As Cotha Prior strolled past the new shop that sold body lotions and soaps, the lavender-wrapped bars displayed in the window caught her attention. Her daughter would like those. Once inside, Cotha picked up the closest bar and held it to her nose. The fragrance carried her back to her childhood.
She remembered Margie, the little girl in her fifth grade class who always was poorly dressed and whose bathing habits were, well, not one of her regular habits. Even at that young age, Cotha knew how important the opinions of her friends were, so although she felt sorry for Margie, she couldn’t risk being friends with her.
Then one afternoon, as young Cotha colored the states on her homework worksheet, she casually mentioned Margie to her mother, who stopped in the middle of stirring the stew to ask, “What’s her family like?”
Cotha didn’t look up. “Oh, really poor, I guess,” she answered.
“Well, it sounds as though she needs a friend,” Mrs. Burnett said. “Why don’t you invite her to spend Friday night with you?”
Cotha looked up quickly then. “You mean here? Spend the night with me? But, Mom, she smells.”
“Cotha Helen.” Her mother’s use of both names meant the situation was settled. There was nothing to do but invite Margie home. The next morning, Cotha hesitantly whispered the invitation at the end of recess while her friends were hanging up their jackets and combing their hair. Margie looked suspicious, so Cotha added, “My mother said it’s okay. Here’s a note from my mother to give to yours.”
So two days later they rode the school bus home while Cotha tried to ignore the surprised looks on her friends’ faces as they saw the two of them together. Had two fifth grade girls ever been quieter? Cotha thought of other times when she’d been invited to spend the night with a friend. They would talk and giggle all the way to their stop.
Finally Cotha gave a determined little huff and said to Margie, “I’ve got a cat. She’s going to have kittens.”
Margie’s eyes lit up. “Oh, I like cats.” Then she frowned as though recalling a painful memory and added, “But my dad doesn’t.”
Cotha didn’t know what to say then, so she feigned interest in something outside the school bus window.
Both girls were silent until the bus rolled to a stop in front of the white house with green shutters.
Mrs. Burnett was in the kitchen. She greeted Cotha and Margie warmly and then gestured toward the table, which was set with two glasses of milk and banana bread. “Why don’t you girls have a little snack while I tend to dinner,” she said.
When the banana bread was finished, Mrs. Burnett handed each child identical paper-doll books and blunted scissors. Dressing the paper women in shiny dresses gave them something in common to talk about. By the time they washed their hands for dinner, they were chatting enthusiastically about school.

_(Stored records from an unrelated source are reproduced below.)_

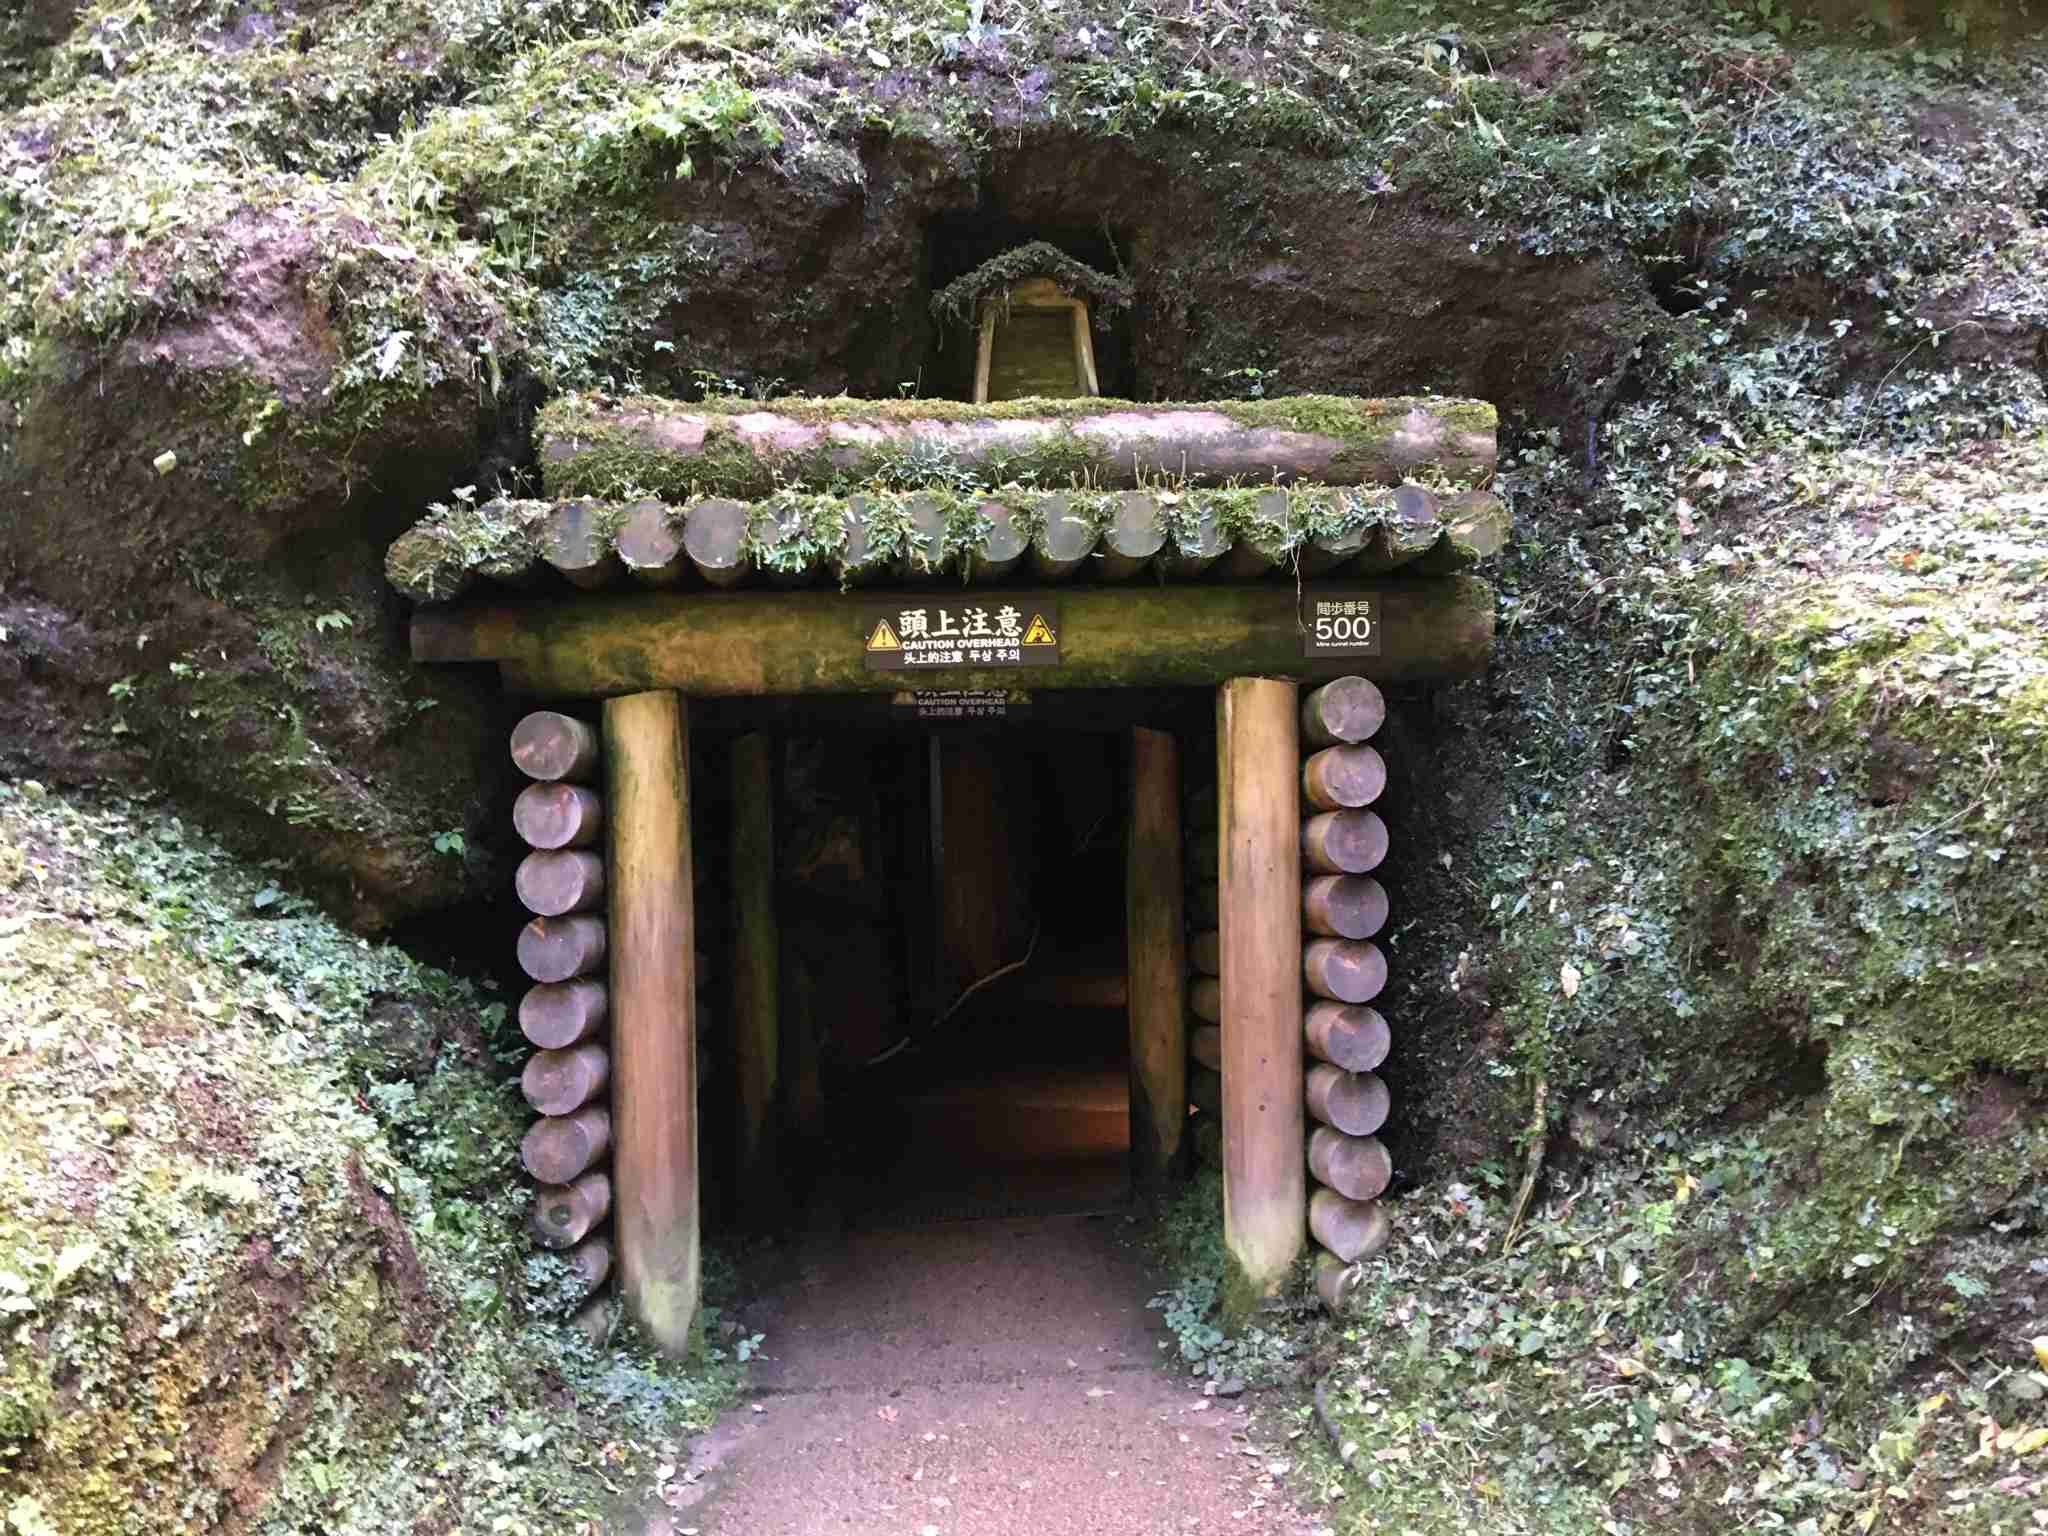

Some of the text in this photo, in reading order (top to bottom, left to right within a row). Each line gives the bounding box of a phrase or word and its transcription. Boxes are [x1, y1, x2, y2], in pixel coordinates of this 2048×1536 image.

[1316, 601, 1369, 616] 間歩番号
[898, 605, 1024, 638] 頭上注意
[1316, 617, 1371, 640] 500
[902, 638, 1020, 651] CAUTION OVERHEAD
[903, 650, 964, 664] 头上的注意
[969, 649, 1020, 662] 두상 주의
[918, 698, 957, 706] CAUTION

After the dishes were done, Mrs. Burnett said, “Time to take a bath before bed, girls.” Then she held out scented soaps wrapped in lavender paper. “Since this is a special night, I thought you might like to use fancy soaps,” she said. “Cotha, you first, and I’ll wash your back for you.”
Then it was Margie’s turn. If she was nervous about having an adult bathe her, she didn’t show it. As the tub filled, Mrs. Burnett poured in a double capful of her own guarded bubble bath. “Don’t you just love bubble baths, Margie?” she asked as though the child bathed in such luxury every day.

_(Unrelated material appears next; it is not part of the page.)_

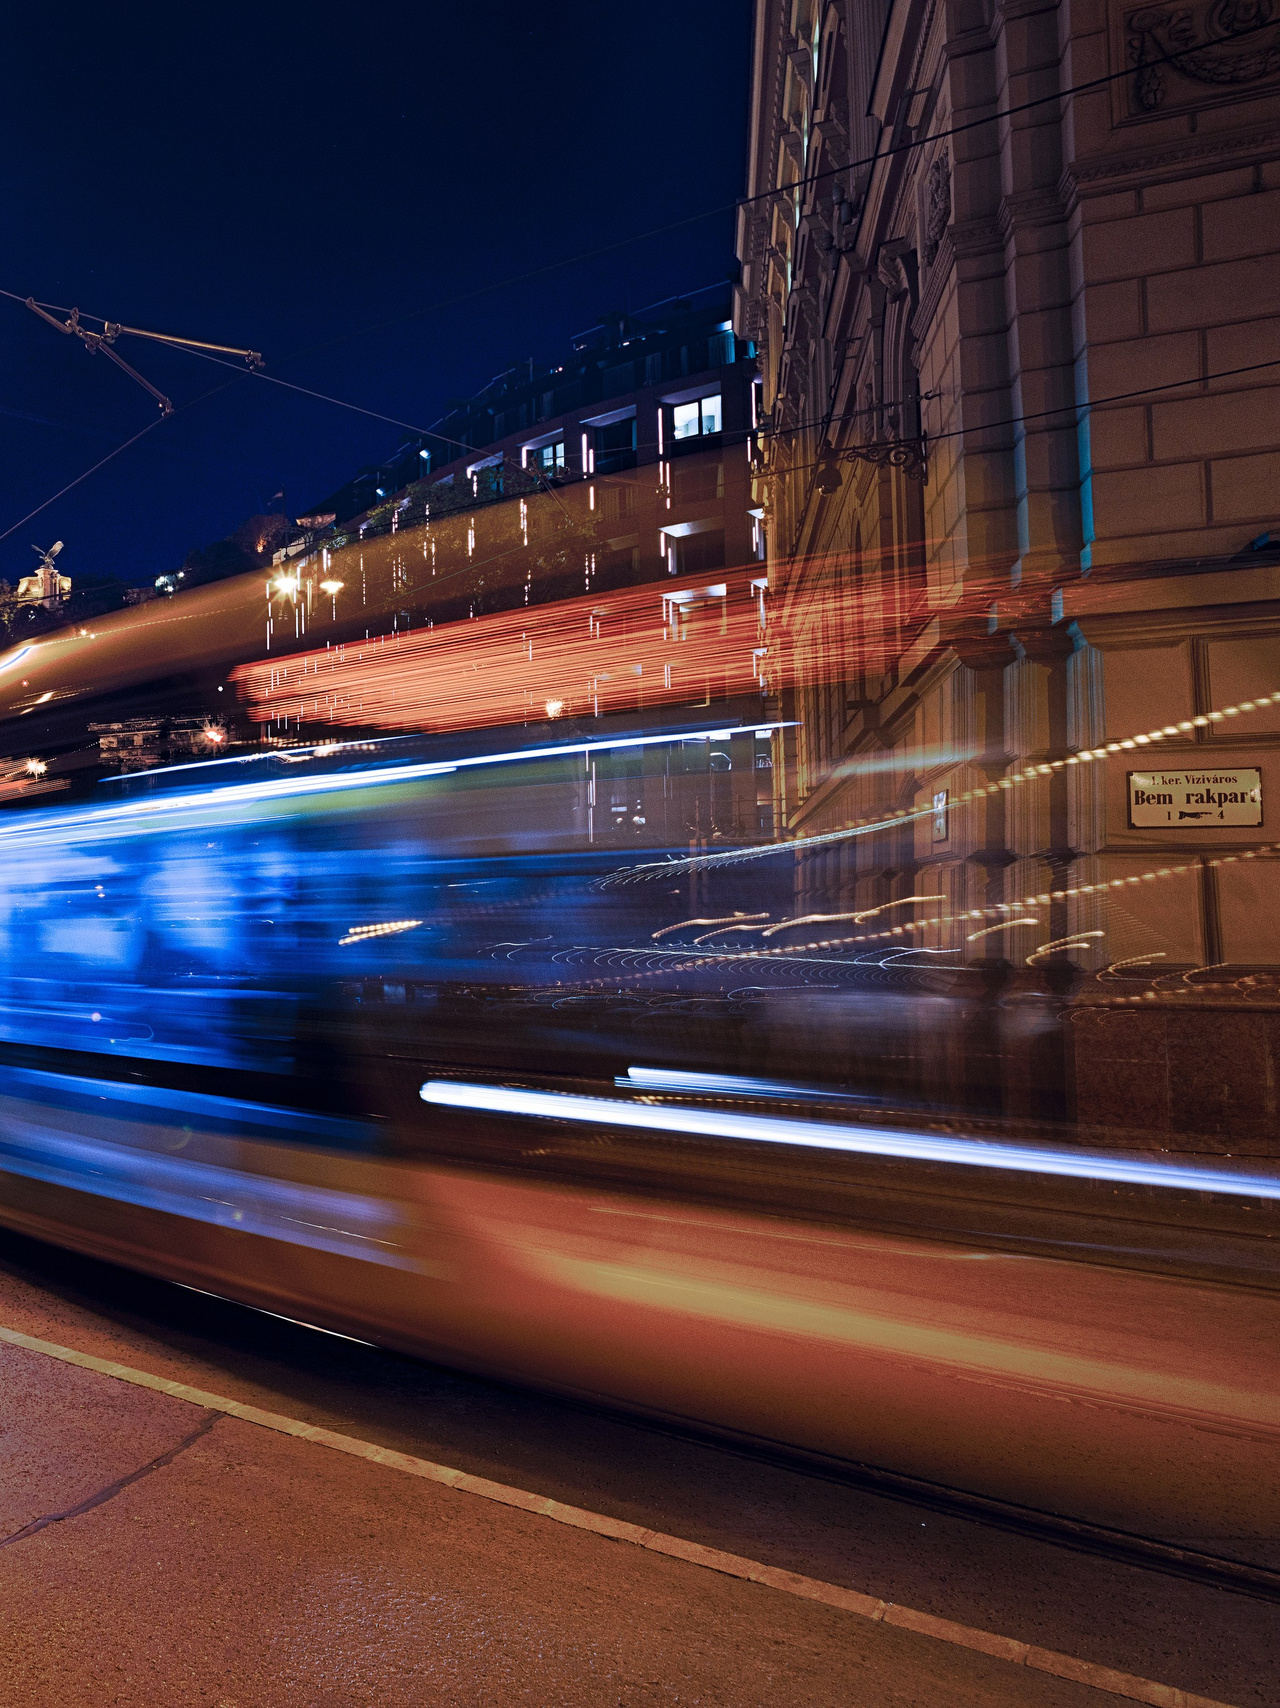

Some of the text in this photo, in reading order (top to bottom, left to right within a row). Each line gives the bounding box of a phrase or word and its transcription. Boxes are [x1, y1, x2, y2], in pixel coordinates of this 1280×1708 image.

[1161, 775, 1182, 786] ker.
[1184, 774, 1238, 785] Víziváros
[1134, 787, 1258, 808] Bem rakpart
[1217, 809, 1225, 820] 4

She turned to pull Margie’s grimy dress over her head, then said, “I’ll look away as you take the other things off, but be careful climbing into the tub. The bubble bath makes it slippery.”

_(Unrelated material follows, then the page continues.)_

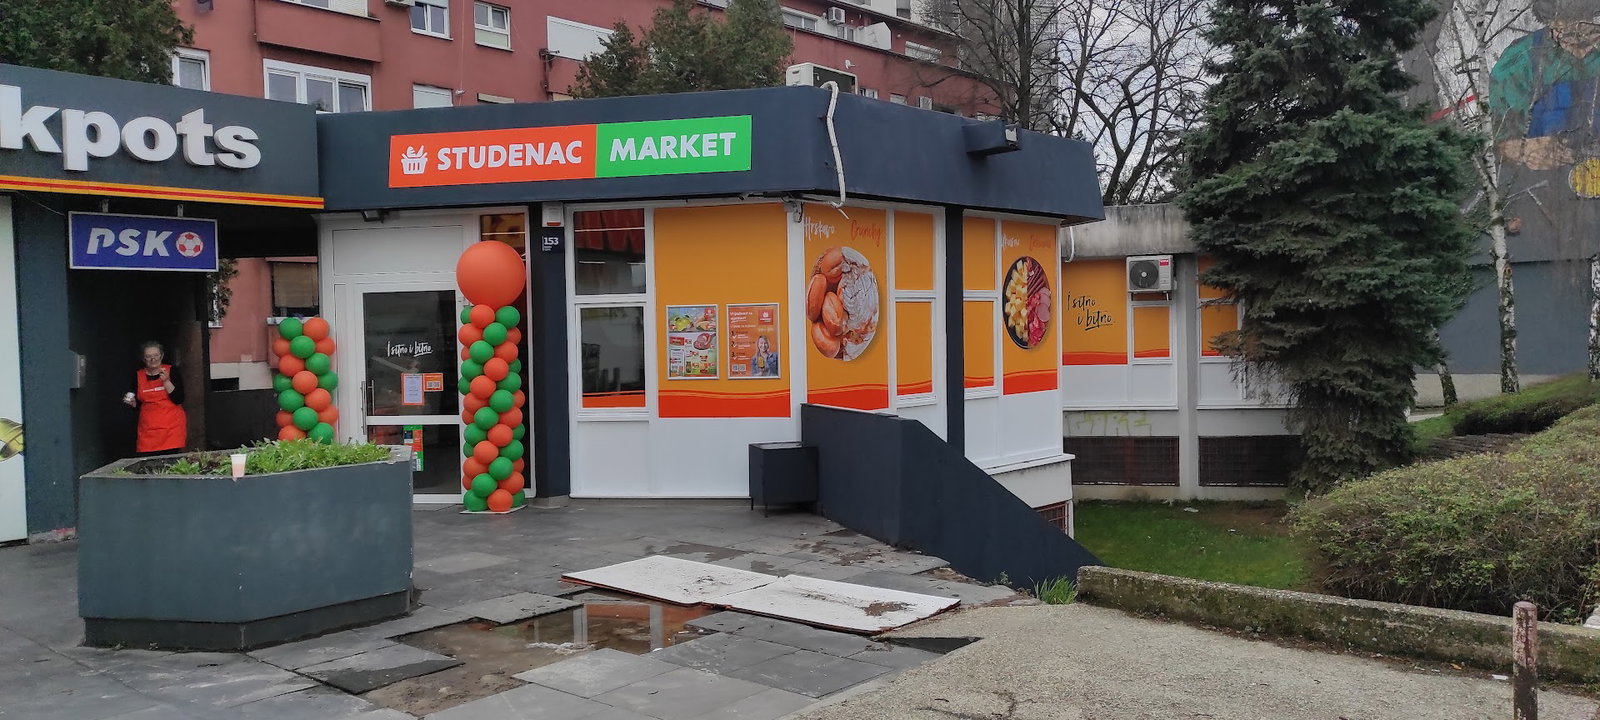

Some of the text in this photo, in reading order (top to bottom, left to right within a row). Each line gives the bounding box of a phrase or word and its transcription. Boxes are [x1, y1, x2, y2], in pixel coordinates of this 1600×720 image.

[0, 84, 262, 172] kpots
[437, 132, 737, 171] STUDENAC MARKET
[86, 227, 174, 258] PSK
[543, 236, 559, 246] 153

Once Margie was settled into the warm water, Mrs. Burnett knelt down and soaped the wet washcloth heavily before rubbing it over the child’s back.
“Oh, that feels good,” was all Margie said.
Mrs. Burnett chatted about how quickly Cotha and Margie were growing and what lovely young women they were already. Repeatedly she soaped the washcloth and scrubbed Margie’s gray skin until it shone pink.
Through the whole thing, Cotha was thinking, Oh, how can she do that? Margie is so dirty. But Mrs. Burnett continued to scrub cheerfully, then washed Margie’s hair several times. Once Margie was out of the tub, Mrs. Burnett dried her back and dusted her thin shoulders with scented talcum. Then, since Margie had brought no nightclothes, Mrs. Burnett pulled one of Cotha’s clean nightgowns over Margie’s now shining head.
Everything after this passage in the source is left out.